*Problem requirements*
Nothing but the pictures should go missing; return all the entries below exactly.

════════

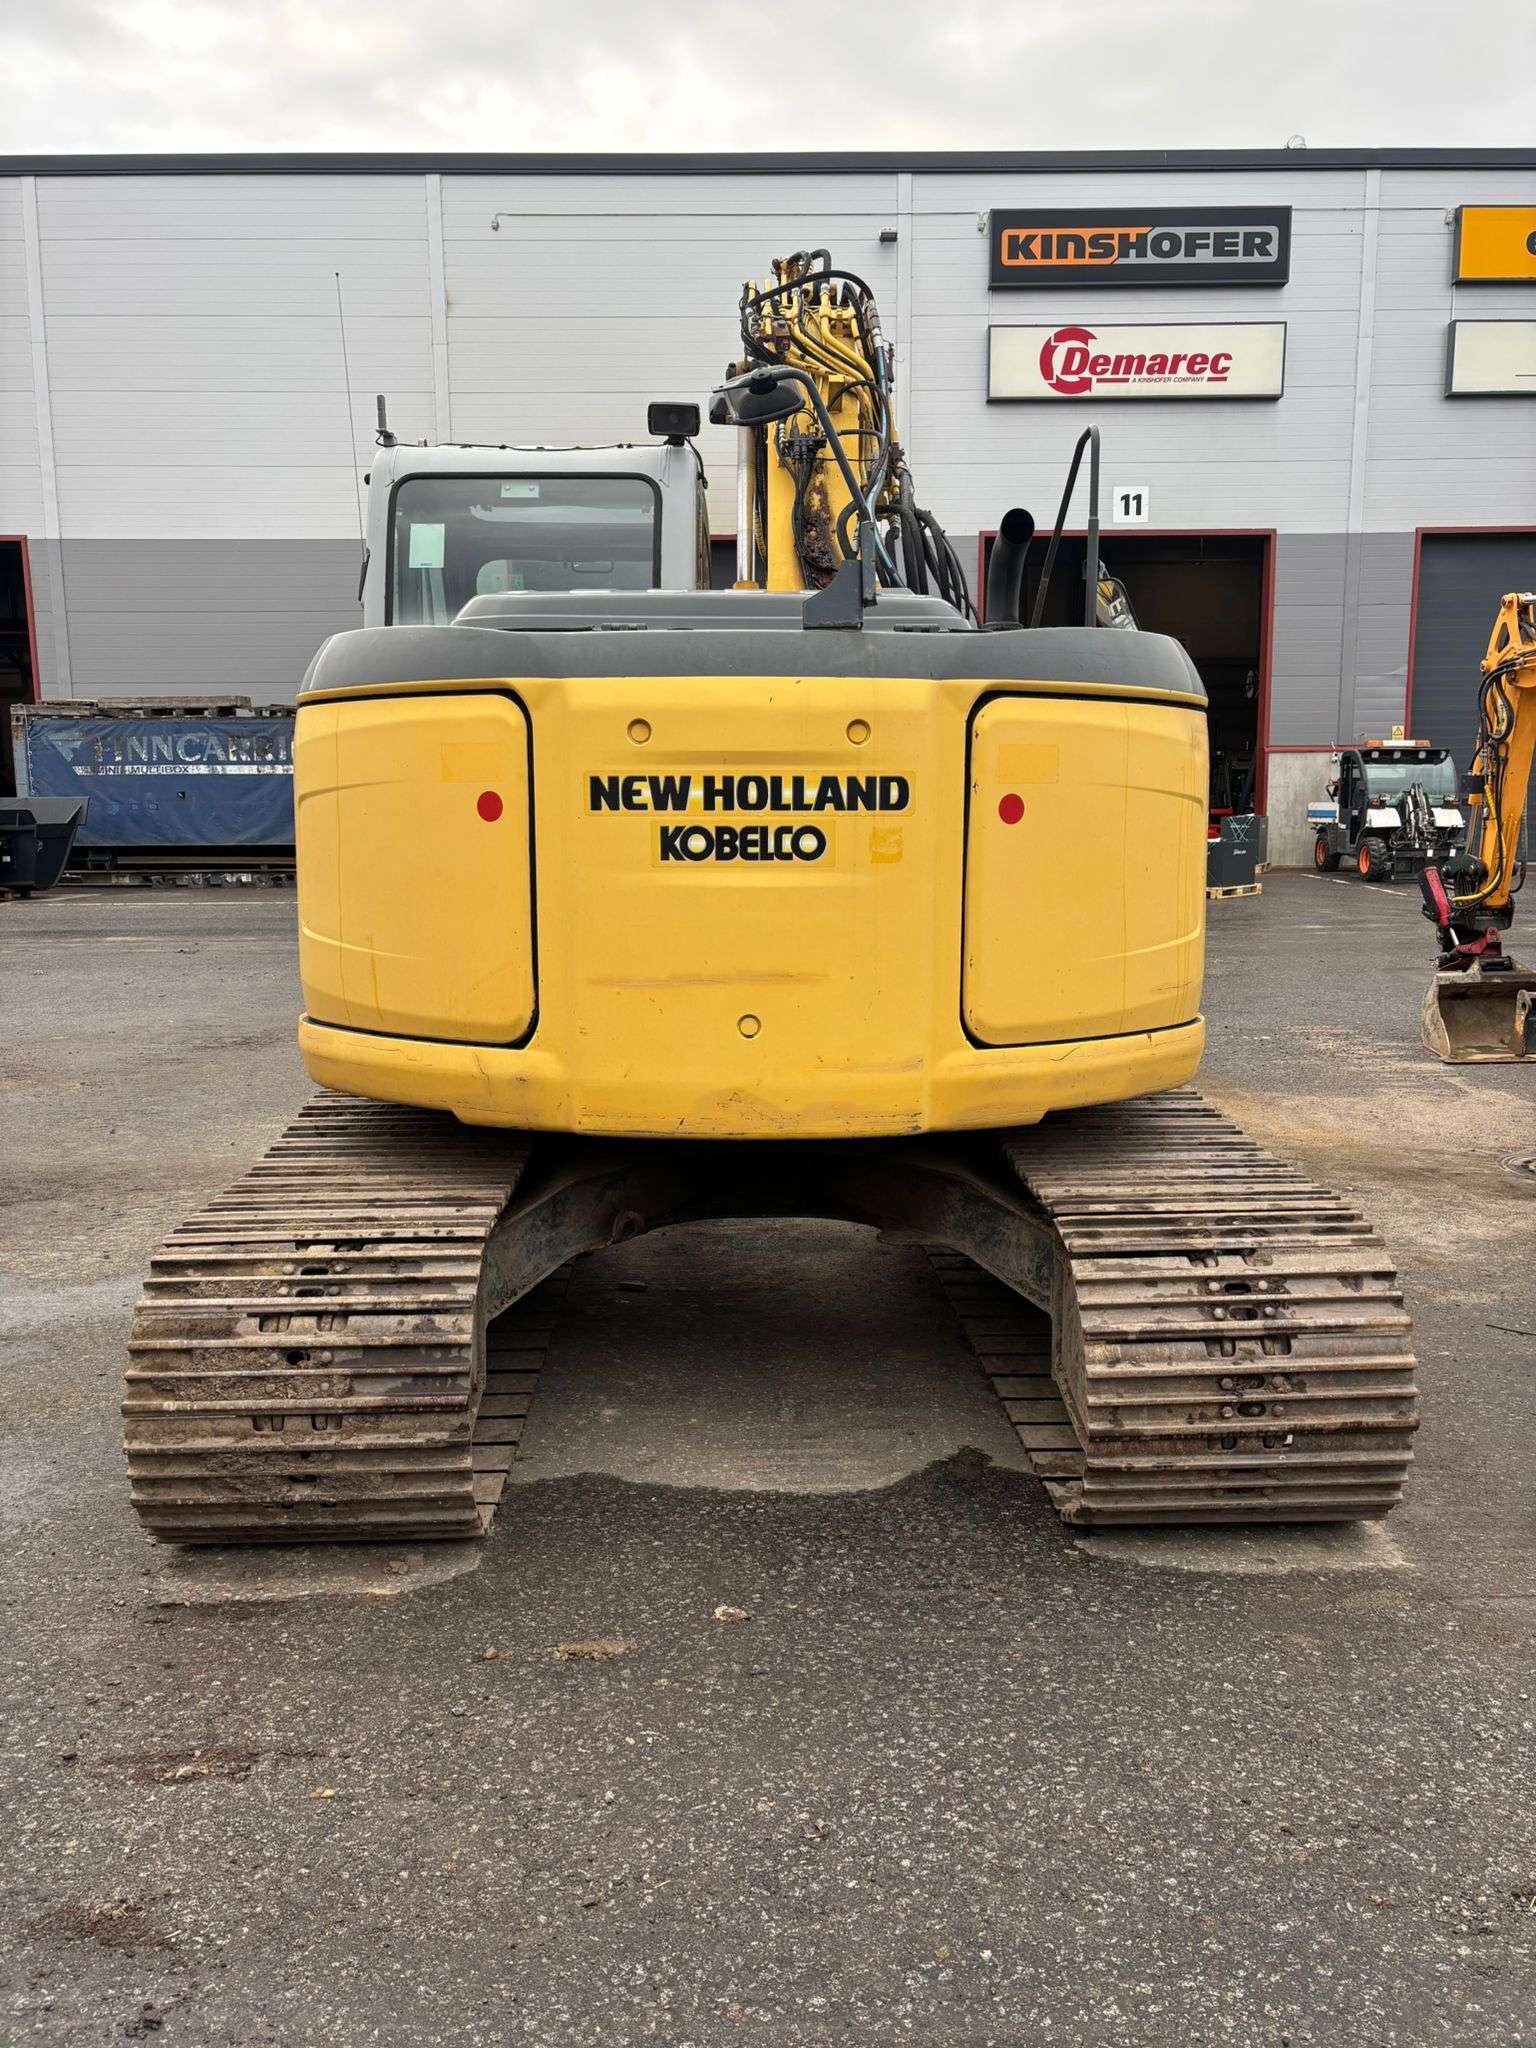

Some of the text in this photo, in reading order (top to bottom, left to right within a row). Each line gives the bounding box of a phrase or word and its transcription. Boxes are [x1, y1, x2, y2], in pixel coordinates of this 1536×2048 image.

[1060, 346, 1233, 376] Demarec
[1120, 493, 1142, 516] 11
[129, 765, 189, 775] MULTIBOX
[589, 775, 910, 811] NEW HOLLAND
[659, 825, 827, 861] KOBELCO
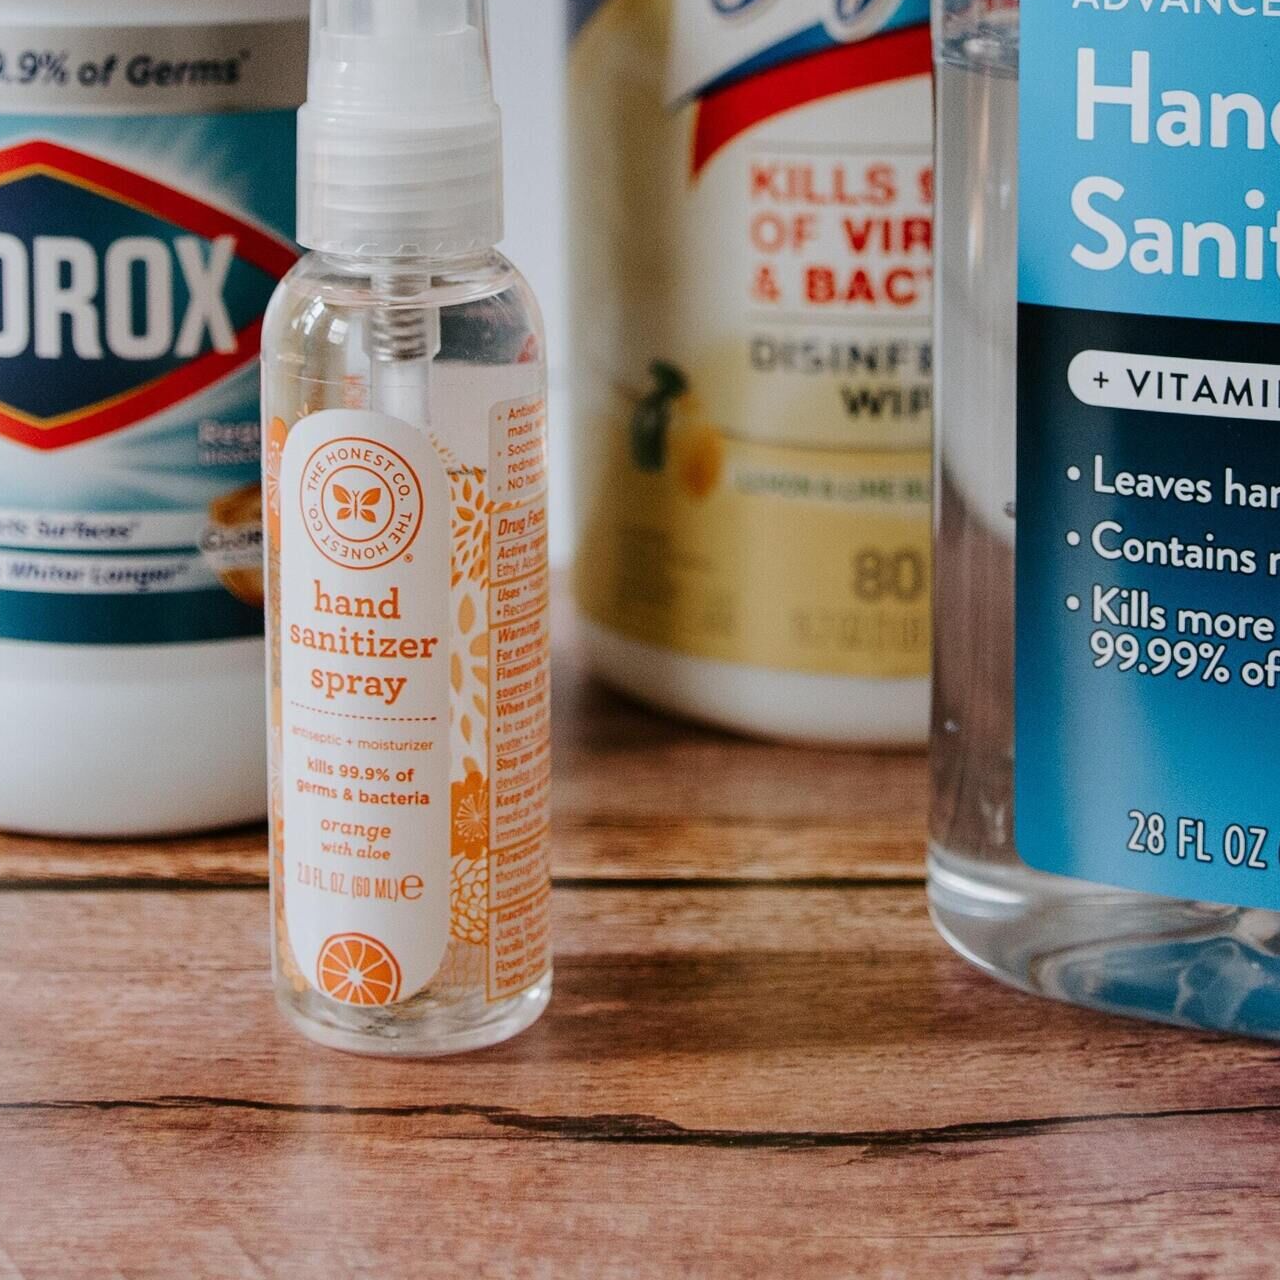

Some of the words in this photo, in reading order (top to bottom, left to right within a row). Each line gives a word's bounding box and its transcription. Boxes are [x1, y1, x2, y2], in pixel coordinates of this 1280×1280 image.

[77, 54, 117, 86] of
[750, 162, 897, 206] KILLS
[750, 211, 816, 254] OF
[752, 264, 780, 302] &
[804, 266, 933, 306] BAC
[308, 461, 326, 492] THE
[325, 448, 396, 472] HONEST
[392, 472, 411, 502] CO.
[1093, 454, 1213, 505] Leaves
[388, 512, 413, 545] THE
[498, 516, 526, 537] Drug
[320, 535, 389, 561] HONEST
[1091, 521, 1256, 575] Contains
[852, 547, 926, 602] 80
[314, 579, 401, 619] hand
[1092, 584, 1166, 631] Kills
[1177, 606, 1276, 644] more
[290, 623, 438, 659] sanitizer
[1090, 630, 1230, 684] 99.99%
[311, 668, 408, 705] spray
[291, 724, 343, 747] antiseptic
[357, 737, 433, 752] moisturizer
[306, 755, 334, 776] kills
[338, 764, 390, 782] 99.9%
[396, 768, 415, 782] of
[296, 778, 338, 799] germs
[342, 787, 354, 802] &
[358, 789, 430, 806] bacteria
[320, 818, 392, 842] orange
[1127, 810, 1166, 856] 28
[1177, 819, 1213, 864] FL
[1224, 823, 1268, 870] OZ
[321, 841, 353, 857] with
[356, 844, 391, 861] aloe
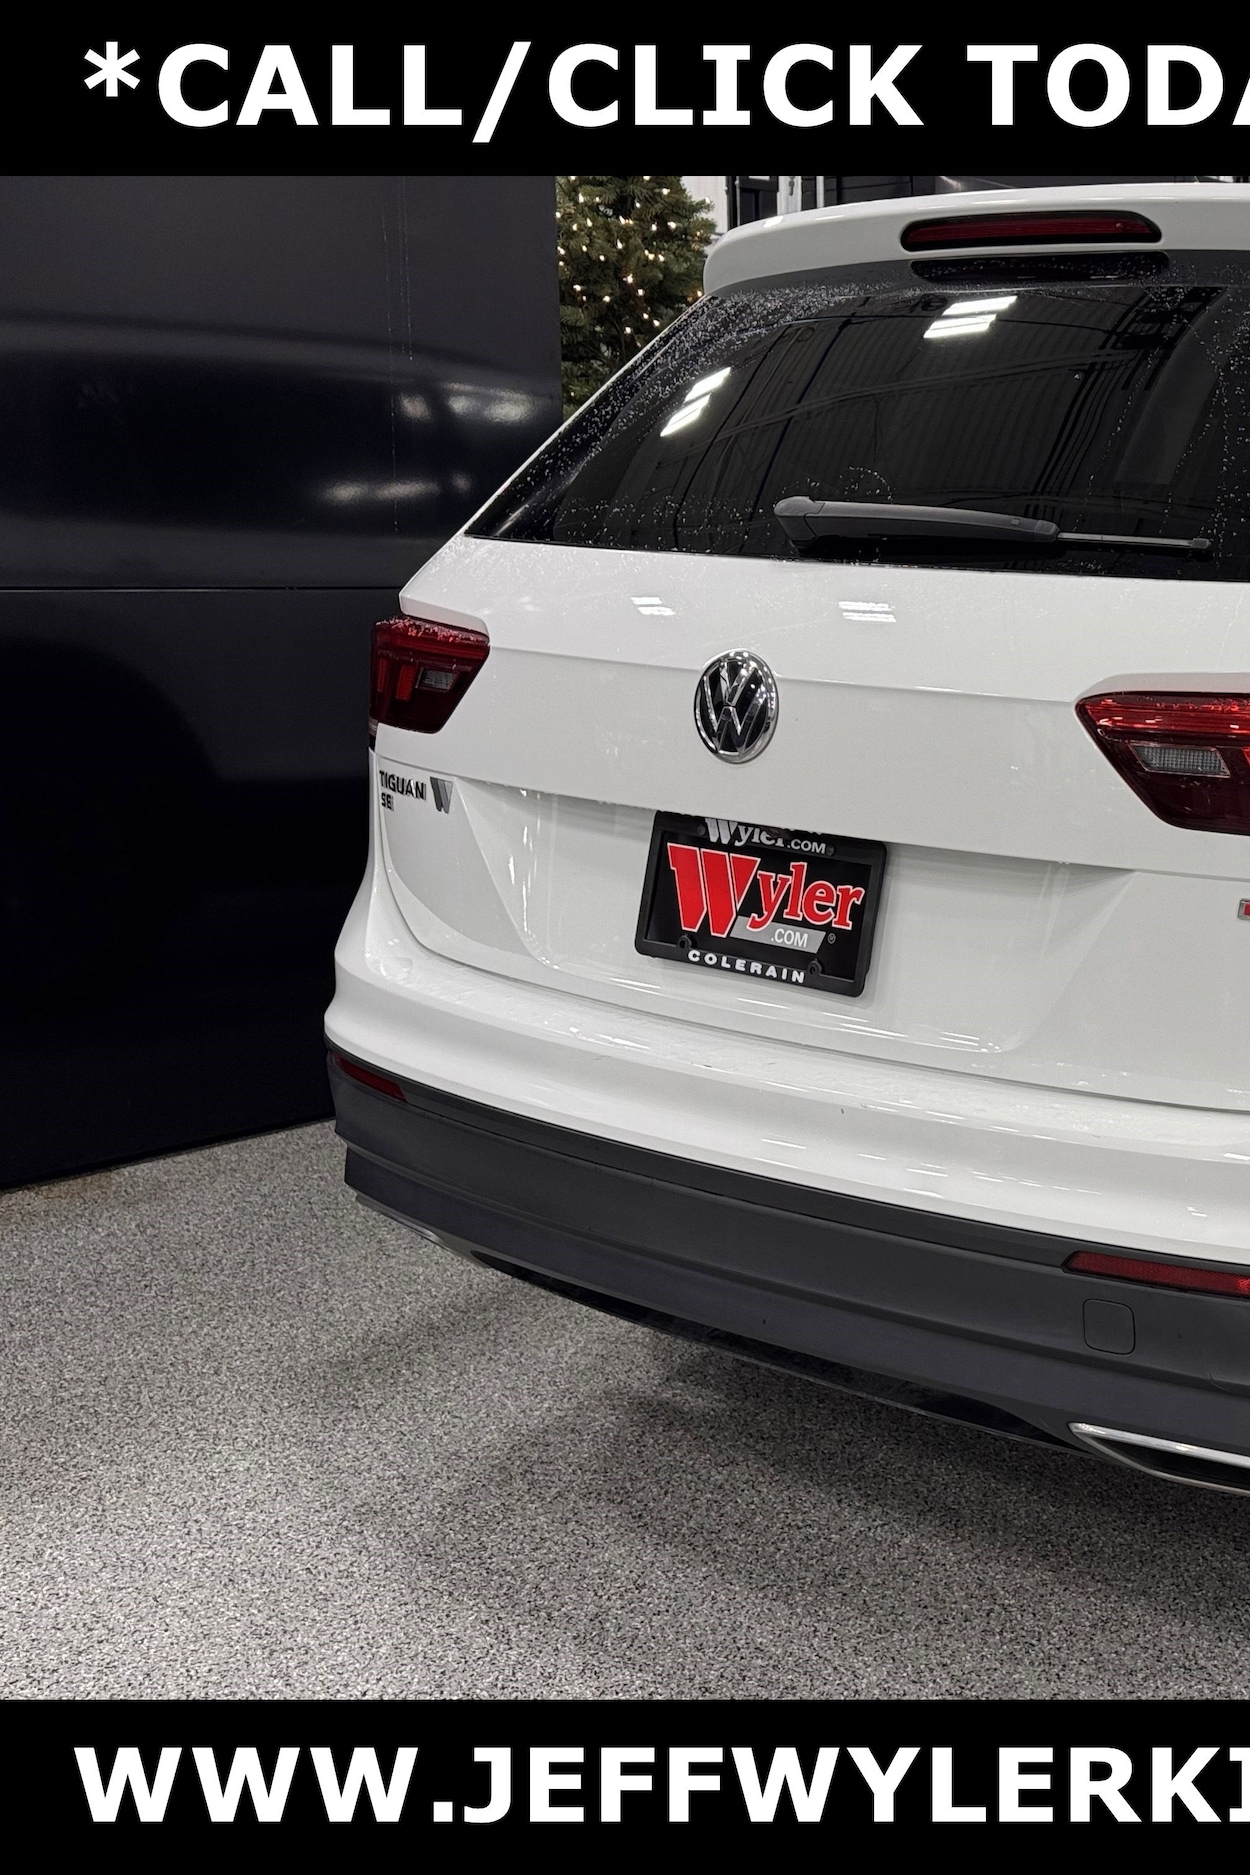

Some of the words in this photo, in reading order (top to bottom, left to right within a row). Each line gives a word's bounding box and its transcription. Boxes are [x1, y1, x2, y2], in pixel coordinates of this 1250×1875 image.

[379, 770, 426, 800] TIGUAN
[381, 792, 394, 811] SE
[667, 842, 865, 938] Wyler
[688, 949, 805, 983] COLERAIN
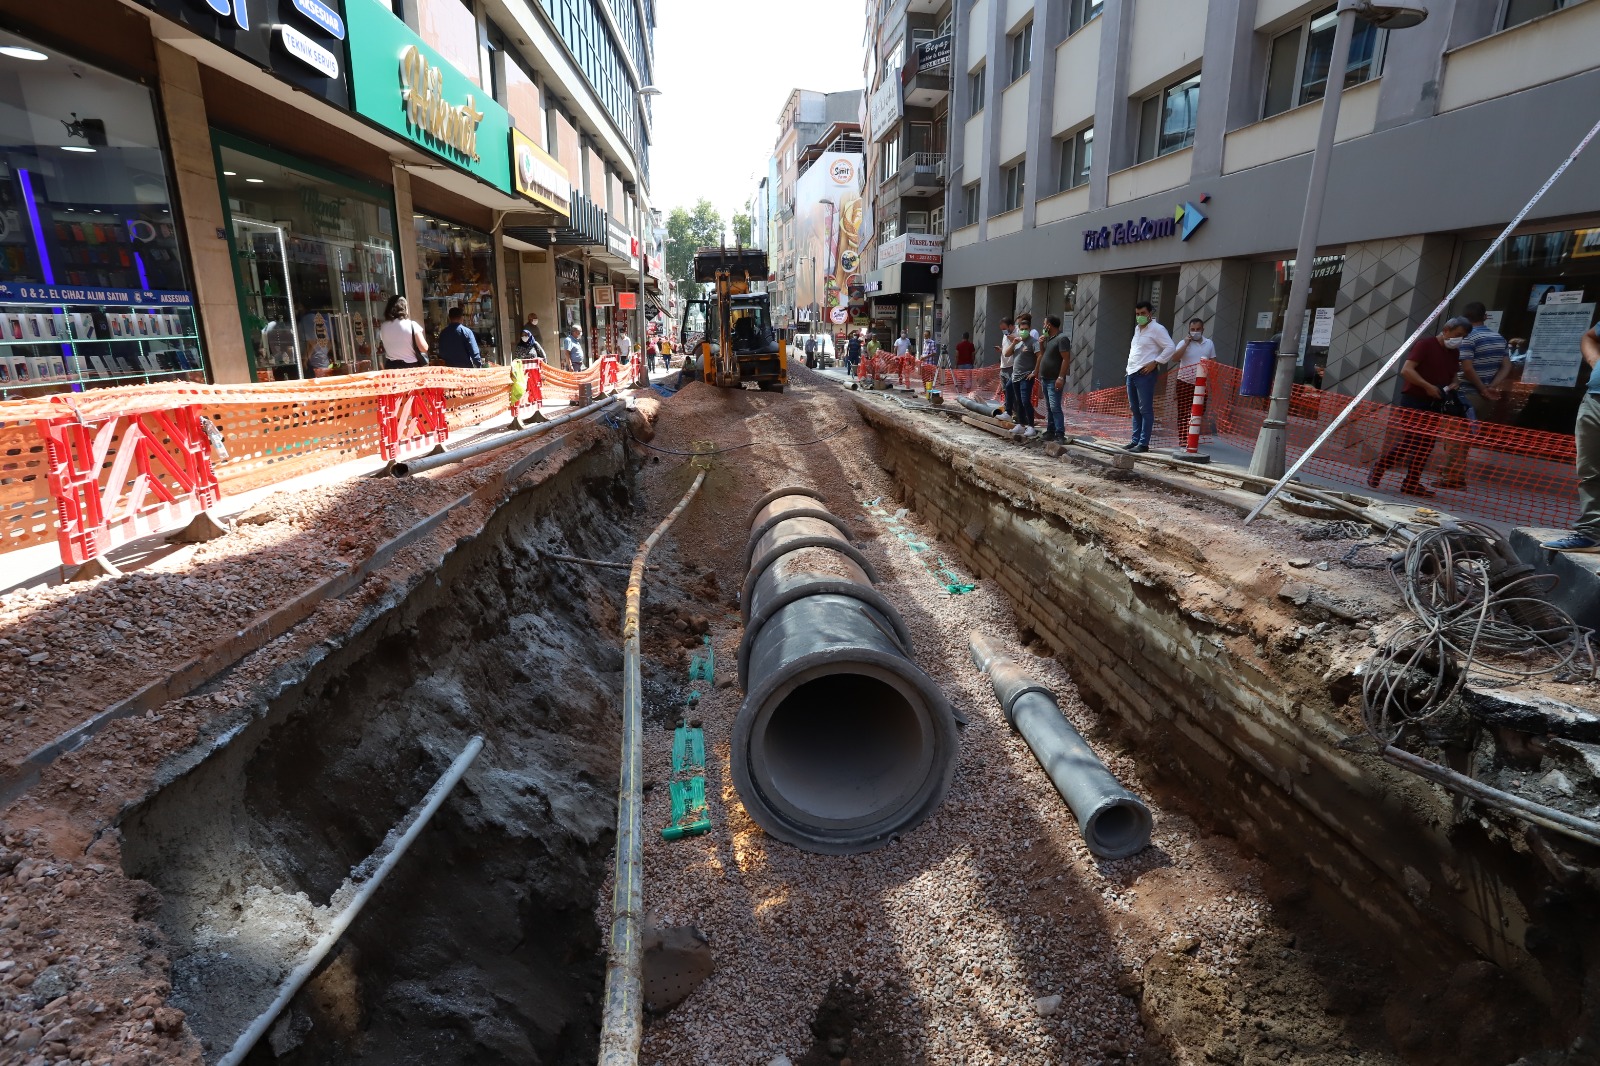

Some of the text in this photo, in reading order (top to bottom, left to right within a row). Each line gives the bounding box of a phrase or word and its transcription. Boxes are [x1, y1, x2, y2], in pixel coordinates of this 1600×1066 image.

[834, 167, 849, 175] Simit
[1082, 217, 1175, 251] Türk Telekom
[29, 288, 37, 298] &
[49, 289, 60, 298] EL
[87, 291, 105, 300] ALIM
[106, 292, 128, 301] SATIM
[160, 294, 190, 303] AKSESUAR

════════

*Result of the task*
Some of the text in this photo, in reading order (top to bottom, left to right within a row). Each line gives the bounding box of a phrase or word and its transcription. Boxes are [x1, y1, x2, y2], in pixel coordinates of this 1536×2048 image.

[1060, 346, 1233, 376] Demarec
[1120, 493, 1142, 516] 11
[129, 765, 189, 775] MULTIBOX
[589, 775, 910, 811] NEW HOLLAND
[659, 825, 827, 861] KOBELCO

Some of the words in this photo, in reading order (top to bottom, left to right within a row). Each line gives a word's bounding box and its transcription. Boxes are [x1, y1, x2, y2], in pixel coordinates of this 1280×1280 image.

[77, 54, 117, 86] of
[750, 162, 897, 206] KILLS
[750, 211, 816, 254] OF
[752, 264, 780, 302] &
[804, 266, 933, 306] BAC
[308, 461, 326, 492] THE
[325, 448, 396, 472] HONEST
[392, 472, 411, 502] CO.
[1093, 454, 1213, 505] Leaves
[388, 512, 413, 545] THE
[498, 516, 526, 537] Drug
[320, 535, 389, 561] HONEST
[1091, 521, 1256, 575] Contains
[852, 547, 926, 602] 80
[314, 579, 401, 619] hand
[1092, 584, 1166, 631] Kills
[1177, 606, 1276, 644] more
[290, 623, 438, 659] sanitizer
[1090, 630, 1230, 684] 99.99%
[311, 668, 408, 705] spray
[291, 724, 343, 747] antiseptic
[357, 737, 433, 752] moisturizer
[306, 755, 334, 776] kills
[338, 764, 390, 782] 99.9%
[396, 768, 415, 782] of
[296, 778, 338, 799] germs
[342, 787, 354, 802] &
[358, 789, 430, 806] bacteria
[320, 818, 392, 842] orange
[1127, 810, 1166, 856] 28
[1177, 819, 1213, 864] FL
[1224, 823, 1268, 870] OZ
[321, 841, 353, 857] with
[356, 844, 391, 861] aloe

Some of the words in this photo, in reading order (top to bottom, left to right within a row). Each line gives a word's bounding box and its transcription. Boxes are [x1, y1, x2, y2], in pixel coordinates of this 1250×1875 image.

[379, 770, 426, 800] TIGUAN
[381, 792, 394, 811] SE
[667, 842, 865, 938] Wyler
[688, 949, 805, 983] COLERAIN

Some of the text in this photo, in reading order (top to bottom, left to right within a row). Each line gives the bounding box of a phrase or word and its transcription. Boxes are [x1, y1, x2, y2], in pixel coordinates of this 1600×1066 image.

[834, 167, 849, 175] Simit
[1082, 217, 1175, 251] Türk Telekom
[29, 288, 37, 298] &
[49, 289, 60, 298] EL
[87, 291, 105, 300] ALIM
[106, 292, 128, 301] SATIM
[160, 294, 190, 303] AKSESUAR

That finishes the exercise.